Dow went up 22, advancers over decliners 3-2 & NAZ gained 27. The MLP index rebounded 1 to the 246s & the REIT index gained 3+ to the 377s. Junk bond funds were mixed & Treasuries had some buying which reduced yields (more below). Oil was fractionally higher to the 69s after recent selling & gold added 3 to 1996.
AMJ (Alerian MLP Index tracking fund)
Inflation at the wholesale level moderated more than expected in Nov, the latest sign that high consumer prices are beginning to loosen their stranglehold on the US economy. The Labor Dept said that its producer price index, which measures inflation at the wholesale level before it reaches consumers, was unchanged in Nov from the previous month. On an annual basis, prices remain up 0.9%, a sharp drop from the 1.3% recorded in Sep. Those figures are both lower than the 0.1% monthly gain & 1% annual figure predicted. In another sign that suggests high inflation is beginning to dissipate, core prices, which exclude the more volatile measurements of food & energy, were also unchanged for the month, lower than the 0.2% estimate. The figure was up 2.2% on a 12-month basis, down from 2.4% the previous month. The data comes a day after the Labor Dept reported that the consumer price index, which measures the prices paid directly by consumers, rose 0.1% in Nov, slightly more than expected. The back-to-back inflation reports will have major implications for the Federal Reserve, which has raised interest rates at the fastest pace in decades as it tries to cool the economy. The central bank has approved 11 rate hikes since Mar 2022, lifting the federal funds rate to the highest level since 2001. Policymakers are widely expected to skip an interest-rate hike for the 3rd straight time at the conclusion of their final meeting this year after lunch. Many economists believe the central bank is done raising interest rates given the notable decline in inflation in recent months, & will soon pivot to cutting rates.

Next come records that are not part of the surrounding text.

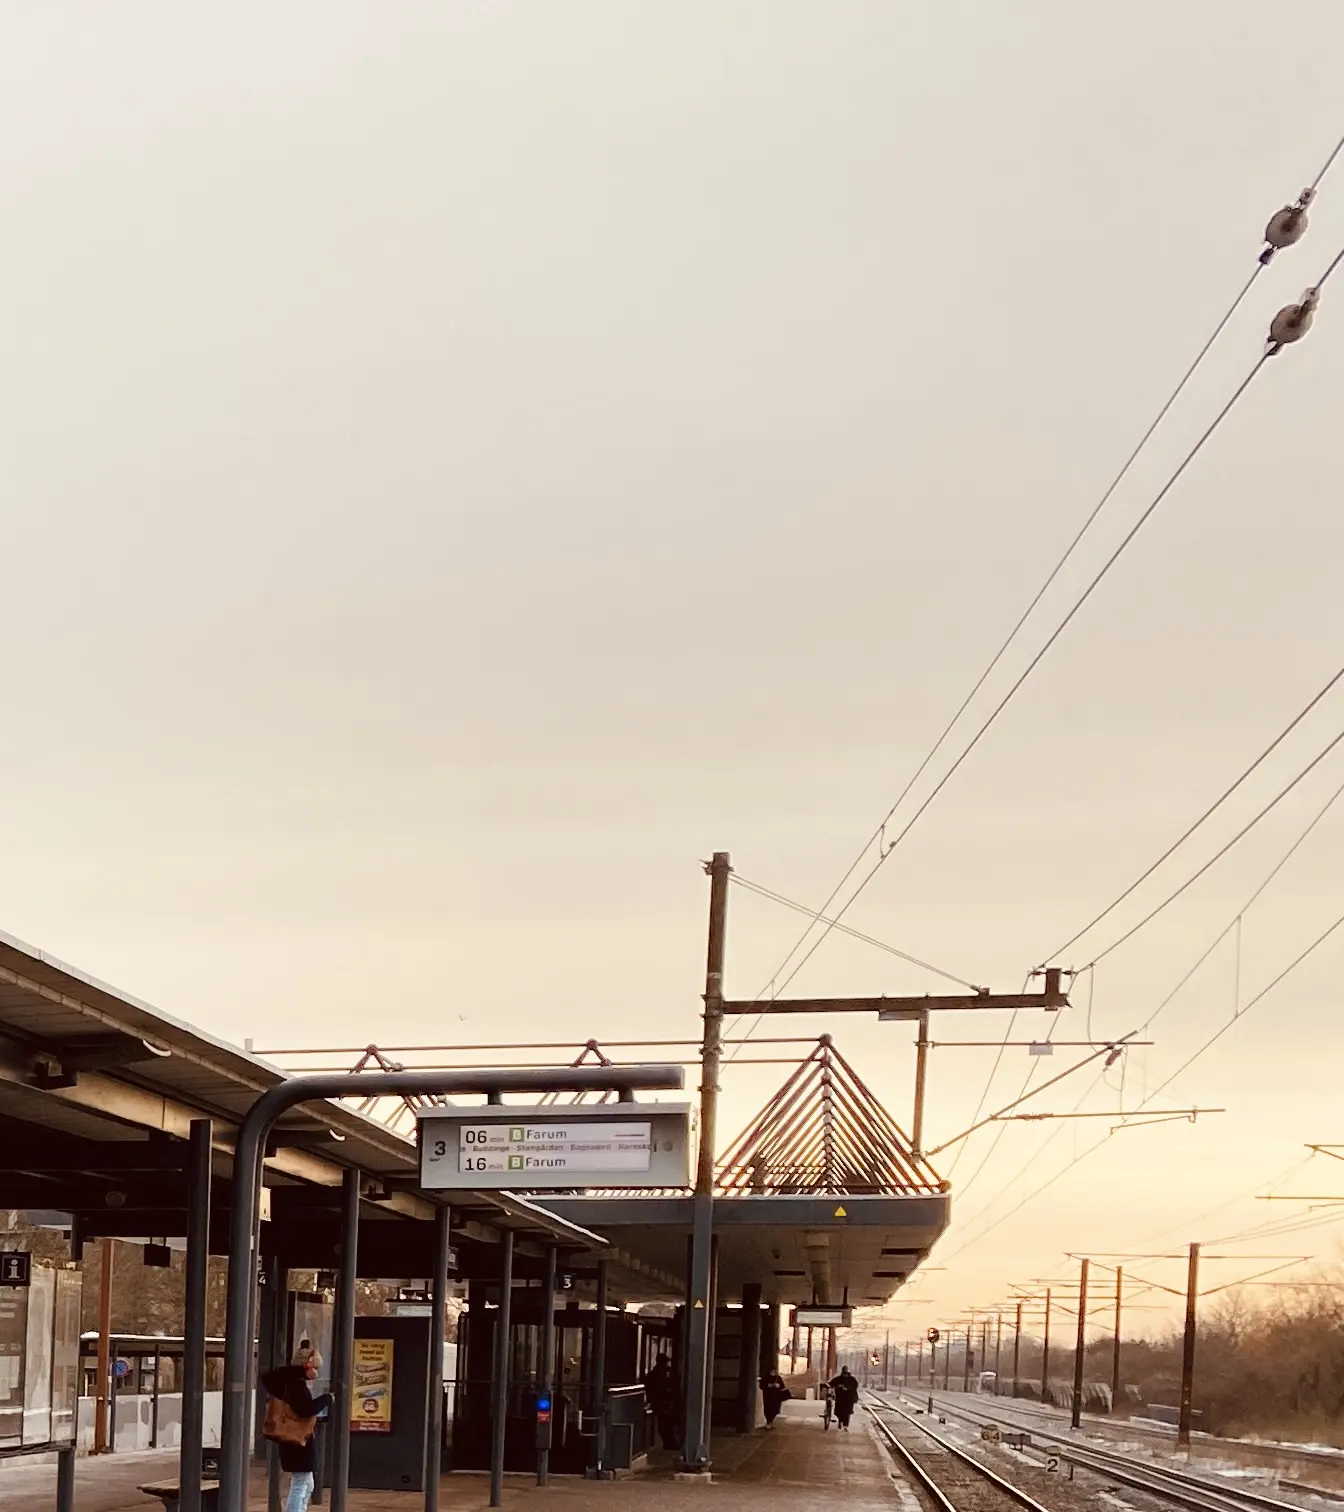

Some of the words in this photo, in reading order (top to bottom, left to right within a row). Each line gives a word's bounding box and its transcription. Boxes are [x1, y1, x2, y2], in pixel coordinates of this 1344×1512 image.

[465, 1130, 487, 1144] 06
[489, 1135, 505, 1143] min
[526, 1129, 567, 1140] Farum
[434, 1140, 447, 1156] 3
[464, 1157, 487, 1171] 16
[488, 1162, 504, 1170] min
[525, 1157, 567, 1168] Farum
[259, 1275, 266, 1285] 4
[563, 1278, 572, 1289] 3
[1046, 1458, 1059, 1473] 2
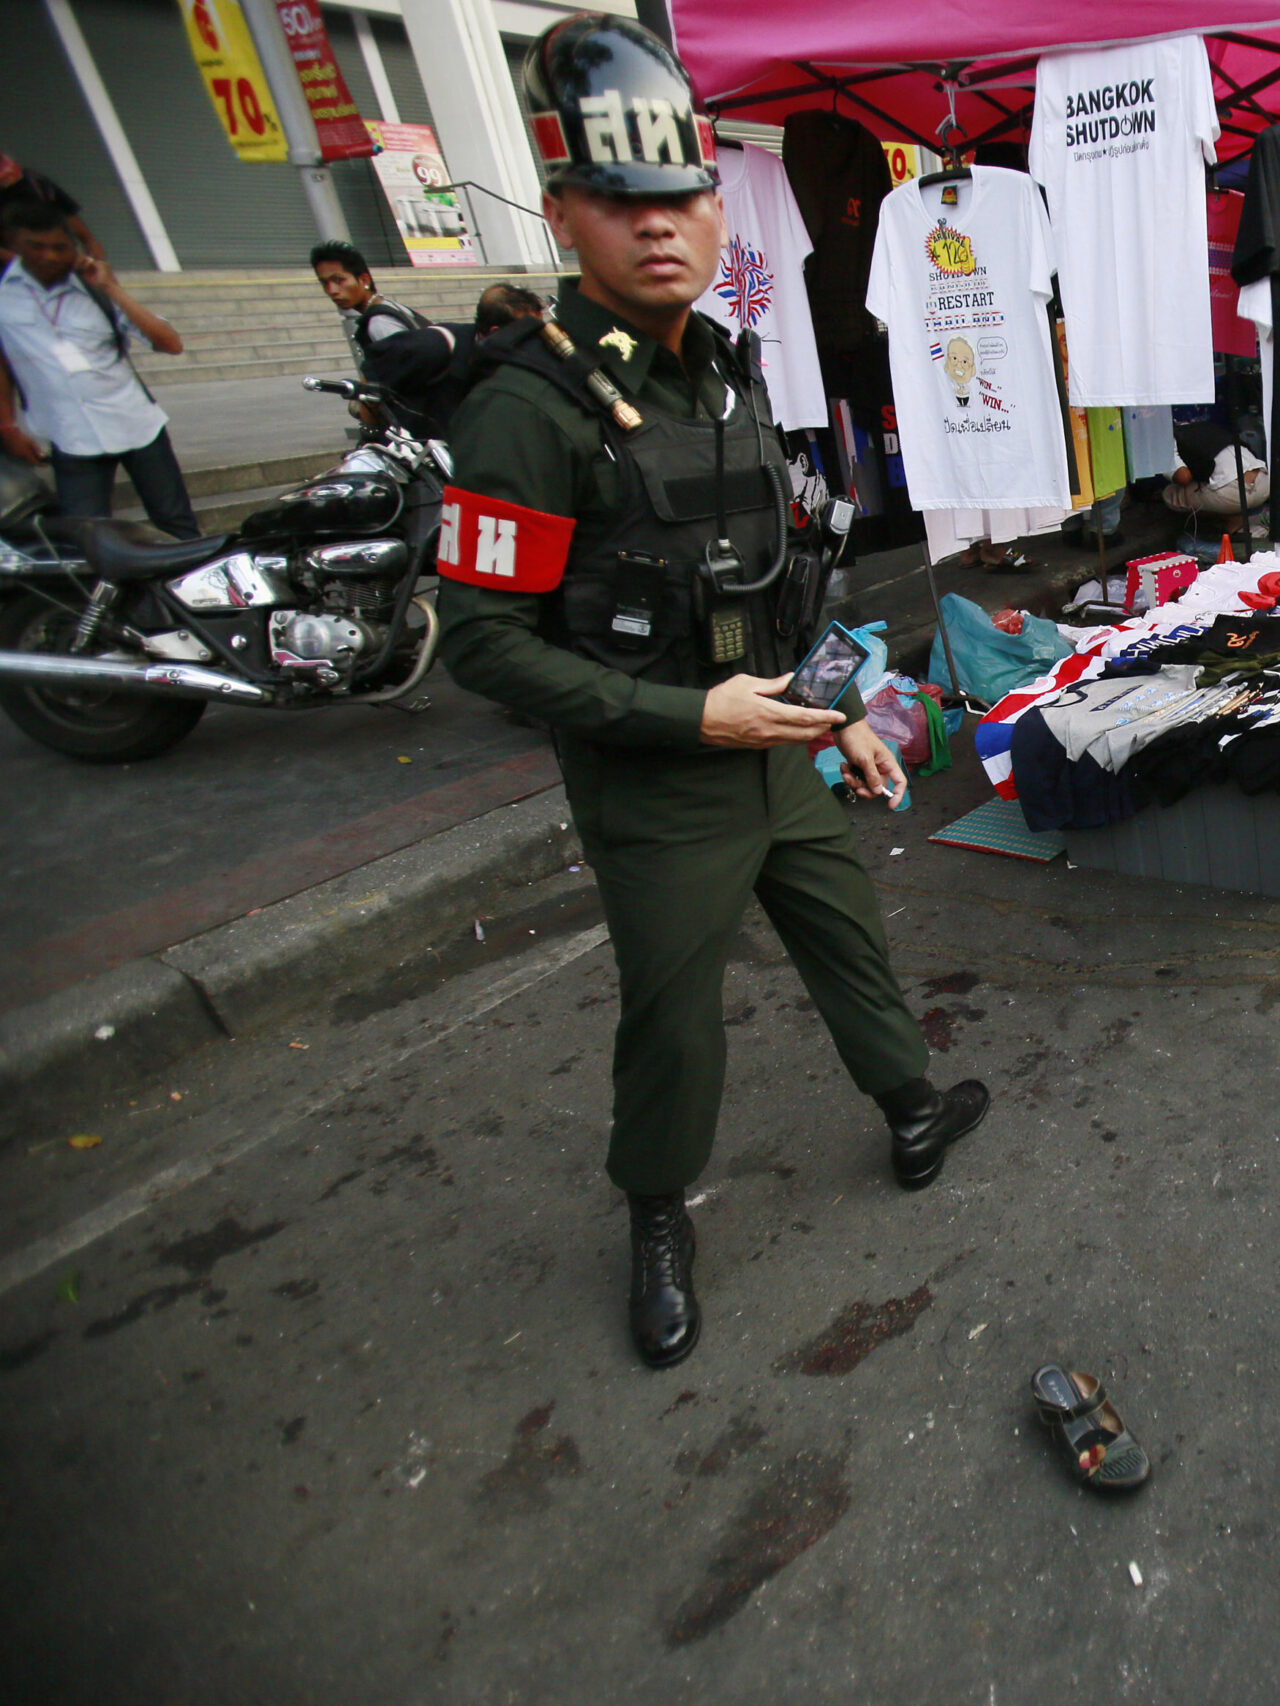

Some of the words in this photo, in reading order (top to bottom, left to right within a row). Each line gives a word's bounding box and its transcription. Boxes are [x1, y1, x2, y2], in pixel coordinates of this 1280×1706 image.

[1066, 78, 1155, 119] BANGKOK
[1066, 109, 1156, 147] SHUTDOWN
[937, 291, 995, 311] RESTART

Wholesale inflation eases more than expected in November
Treasury yields fell slightly as investors awaited the Federal Reserve's latest interest rate decision & guidance on the outlook for monetary policy & the US economy. The yield on the 10-year Treasury dipped 4 basis points to 4.168% & the 2-year Treasury yield was last down by 4 basis points to 4.69%. Yields & prices have an inverted relationship & 1 basis point equals 0.01%. The Fed is widely expected to keep interest rates unchanged at the conclusion of its policy meeting today, the 3rd time in a row that rate would be held steady. Many investors are also hoping that the Fed will provide hints about the path for interest rates, including when it may cut rates. Policymakers have so far given few hints about this, though Fed Chair Jerome Powell earlier this month suggested it was too soon to speculate about rate cuts. Bond yields traded lower after wholesale prices provided another piece of positive inflation news. The producer price index was unchanged for the month, against the estimate for a 0.1% increase. Excluding food & energy, the index also was flat versus the forecast for a 0.2% increase. Excluding food, energy & trade services, the PPI rose 0.1%. On a year over year basis, the headline index was up just 0.9%; excluding food, energy & trade, it increased 2.5%. Data released yesterday showed the consumer price index (CPI) increased by 0.1% on a monthly & 3.1% on an annual basis in Nov. Economists were expecting the CPI to be flat month over month, while the annual increase was in line with expectations. The core CPI, which excludes food & energy prices, came in 0.3% higher than the previous month & was up by 4% from a year earlier.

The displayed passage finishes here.